Becker, two-time winner of the men's tournament here that now goes by the name Newsweek Champions Cup, and a large box-office draw even without his recent Australian Open victory, lost to a journeyman clay-court player named Carlos Costa, 6-3, 7-5. Becker led in the second set, 4-1 and 5-2, and had a 40-love lead on his serve at 5-5, yet still managed to lose to a Spaniard who doesn't really feel comfortable on a tennis court unless his socks are red and his nostrils are caked. Costa, ranked No. 38 in the world to Becker's No. 4, has won six titles, all on clay, in his seven-plus years on the ATP tour.
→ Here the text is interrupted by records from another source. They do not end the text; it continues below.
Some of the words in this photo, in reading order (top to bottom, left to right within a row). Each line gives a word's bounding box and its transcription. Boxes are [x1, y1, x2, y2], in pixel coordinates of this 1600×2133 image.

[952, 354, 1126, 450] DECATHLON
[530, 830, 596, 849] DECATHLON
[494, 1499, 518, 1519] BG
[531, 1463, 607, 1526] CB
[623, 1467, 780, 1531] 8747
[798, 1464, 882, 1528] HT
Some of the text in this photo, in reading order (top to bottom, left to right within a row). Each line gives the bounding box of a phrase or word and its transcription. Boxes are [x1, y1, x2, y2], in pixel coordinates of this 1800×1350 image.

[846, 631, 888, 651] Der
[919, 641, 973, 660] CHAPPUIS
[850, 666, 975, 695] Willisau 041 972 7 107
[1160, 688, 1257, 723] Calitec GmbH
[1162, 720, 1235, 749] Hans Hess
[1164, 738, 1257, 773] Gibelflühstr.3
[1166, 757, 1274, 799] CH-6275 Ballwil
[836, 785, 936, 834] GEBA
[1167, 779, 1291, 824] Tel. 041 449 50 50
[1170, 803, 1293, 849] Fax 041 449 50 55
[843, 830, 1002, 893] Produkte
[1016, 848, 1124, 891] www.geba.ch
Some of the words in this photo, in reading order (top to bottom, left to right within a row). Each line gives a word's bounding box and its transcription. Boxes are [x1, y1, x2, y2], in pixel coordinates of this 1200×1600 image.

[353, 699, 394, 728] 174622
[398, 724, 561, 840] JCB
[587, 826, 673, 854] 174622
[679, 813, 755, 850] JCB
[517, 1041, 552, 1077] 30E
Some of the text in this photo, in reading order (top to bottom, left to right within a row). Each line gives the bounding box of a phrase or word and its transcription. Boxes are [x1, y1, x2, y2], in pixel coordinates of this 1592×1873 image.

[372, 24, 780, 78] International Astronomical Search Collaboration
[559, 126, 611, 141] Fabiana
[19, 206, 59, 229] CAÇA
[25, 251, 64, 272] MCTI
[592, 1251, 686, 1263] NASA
Capriati, playing in only her second tournament in her well-documented comeback and attracting superstar-like attention, found her game not quite ready for prime time in a 6-3, 6-3 loss to fifth-seeded Chanda Rubin in the featured evening match of the State Farm Evert Cup. A victory would have put Capriati in the quarterfinals against Lindsay Davenport, possibly en route to a semifinal matchup with Steffi Graf that would have had the tennis world gushing.
But when her match was over, Capriati, once as high as No. 6 in the world before she left the tour after the U.S. Open in 1993, seemed to have more perspective about her current place in tennis than so many others who seem to be looking for an instant reincarnation of Chris Evert.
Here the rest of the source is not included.